U.S. Justice Department fraud division highlights nearly $1 billion in enforcement actions

U.S. Justice Department fraud division highlights nearly $1 billion in enforcement actions
Justice cracks down on fraud

The U.S. Justice Department’s National Fraud Enforcement Division is expanding a nationwide crackdown on fraud schemes that target public programs, health care and taxpayers. The latest actions include prison sentences, guilty pleas and indictments tied to alleged losses and fraudulent claims approaching $1 billion across multiple sectors.

Highlights

  • U.S. Department of Justice announced nearly $1 billion in nationwide fraud enforcement actions spanning Medicare, Medicaid, tax, and benefits fraud cases in 2024.
  • Major sentences include 151 months for submitting over $522 million in false claims for genetic testing and 16 years for defrauding Medicare and CHAMPVA out of nearly $200 million.
  • The new National Fraud Enforcement Division, announced April 7, sharpens scrutiny on health care, public benefits, and financial crimes, signaling increased federal oversight and prosecutions.

Nationwide cases span benefits, health care and tax fraud

As reported by the U.S. Department of Justice, the division says it is continuing to widen its enforcement effort, with prosecutors and law enforcement partners pursuing cases ranging from Medicare fraud to stolen Treasury checks.

On Monday alone, two men were sentenced to 151 months and 36 months in prison for their roles in submitting more than $522 million in fraudulent claims for medically unnecessary genetic tests in a scheme involving Medicare, Medicaid and private insurers. Assistant Attorney General Colin McDonald says the division is growing its footprint and is aggressively prosecuting fraud schemes of all sizes.

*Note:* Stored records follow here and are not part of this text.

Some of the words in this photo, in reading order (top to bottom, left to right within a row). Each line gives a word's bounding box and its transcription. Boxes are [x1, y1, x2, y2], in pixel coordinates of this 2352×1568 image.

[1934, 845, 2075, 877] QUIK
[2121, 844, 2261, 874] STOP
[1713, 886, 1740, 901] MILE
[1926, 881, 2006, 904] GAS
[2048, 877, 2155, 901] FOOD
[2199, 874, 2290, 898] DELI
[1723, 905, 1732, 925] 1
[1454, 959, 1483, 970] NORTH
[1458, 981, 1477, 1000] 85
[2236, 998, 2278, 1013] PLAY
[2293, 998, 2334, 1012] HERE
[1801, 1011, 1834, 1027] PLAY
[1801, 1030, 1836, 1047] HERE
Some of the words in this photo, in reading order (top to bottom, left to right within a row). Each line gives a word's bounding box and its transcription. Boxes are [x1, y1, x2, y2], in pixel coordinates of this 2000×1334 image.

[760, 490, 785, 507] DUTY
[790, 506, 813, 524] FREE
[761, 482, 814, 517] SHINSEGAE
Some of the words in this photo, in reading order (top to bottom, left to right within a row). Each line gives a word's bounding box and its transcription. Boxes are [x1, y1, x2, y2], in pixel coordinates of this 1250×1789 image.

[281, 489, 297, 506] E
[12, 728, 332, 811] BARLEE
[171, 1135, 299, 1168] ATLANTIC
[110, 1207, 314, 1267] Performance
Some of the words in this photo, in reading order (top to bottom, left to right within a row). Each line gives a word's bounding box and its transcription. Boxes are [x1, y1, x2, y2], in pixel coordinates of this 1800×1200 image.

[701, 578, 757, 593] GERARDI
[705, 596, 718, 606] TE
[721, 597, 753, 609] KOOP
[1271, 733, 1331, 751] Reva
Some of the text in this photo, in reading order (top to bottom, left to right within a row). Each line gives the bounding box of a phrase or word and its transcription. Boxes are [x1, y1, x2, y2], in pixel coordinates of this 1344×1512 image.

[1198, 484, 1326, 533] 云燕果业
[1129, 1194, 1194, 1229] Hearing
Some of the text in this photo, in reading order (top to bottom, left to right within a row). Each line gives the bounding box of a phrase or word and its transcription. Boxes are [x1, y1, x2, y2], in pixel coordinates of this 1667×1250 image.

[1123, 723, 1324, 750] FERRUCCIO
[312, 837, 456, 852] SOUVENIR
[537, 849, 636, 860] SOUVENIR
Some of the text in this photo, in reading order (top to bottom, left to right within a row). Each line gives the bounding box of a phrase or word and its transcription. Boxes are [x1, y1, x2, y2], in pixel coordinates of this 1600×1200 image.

Other benefits-related cases include a 144-month prison sentence in Pennsylvania tied to $59 million in fraudulently obtained public benefits that were laundered to China. In Florida, a defendant pleaded guilty to receiving about $250,000 in stolen U.S. Department of Veterans Affairs disability compensation after falsely claiming legal blindness, while in Michigan another defendant pleaded guilty in a federal student loan fraud scheme that caused more than $16 million in awards, with more than $10 million disbursed.

Health care enforcement actions also remain a major focus. A former NFL player was sentenced to more than 16 years in prison for a conspiracy that defrauded Medicare and the Civilian Health and Medical Program of the Department of Veterans Affairs out of nearly $200 million, with more than $110 million in restitution and about $17 million in forfeitures ordered. Additional cases include guilty pleas in Tennessee and Michigan over schemes involving $6.9 million in false Medicare claims, $5.6 million in fraudulent billing and illegal oxycodone distribution, and a 20-month prison sentence in Oklahoma City over a $1.1 million private insurance fraud scheme.

Tax and government fraud cases add to the total. Four defendants, including two former U.S. Postal Service employees, pleaded guilty in a conspiracy to steal $84 million in U.S. Treasury checks, while cases in Florida and California involve false tax filings and fraudulent CARES Act and Paycheck Protection Program loan applications worth millions of dollars. In Jacksonville, Florida, two defendants were sentenced over a $148 million construction payroll scheme that caused the U.S. Treasury to lose more than $37 million in unpaid payroll taxes.

Fraud division expansion sharpens focus on federal losses

Financial fraud cases are also moving forward through indictment. A New York federal grand jury indicted six defendants accused of using stolen U.S. Treasury tax refund checks and fraudulent identification documents to open bank accounts in the names of intended payees.

The department announced the creation of the National Fraud Enforcement Division on April 7. The unit says it is focused on investigating and prosecuting fraud against the American public, while supporting President Trump’s Task Force to Eliminate Fraud, chaired by Vice President J.D. Vance, as part of a broader federal push to reduce fraud, waste and abuse in benefit programs.

The breadth of the latest cases shows enforcement pressure remains spread across health care, public benefits, tax administration and financial crimes. For businesses, insurers, lenders and program administrators, the cases signal continued scrutiny of billing practices, loan applications, payroll reporting and claims submitted to government-backed systems.

Our earlier coverage of the House Oversight subcommittee roundtable on reducing the national debt highlighted lawmakers’ push to curb federal waste, fraud, abuse, and what they described as overregulation. The discussion framed stronger program oversight and tighter spending controls as tools to protect public finances, national security, and household affordability.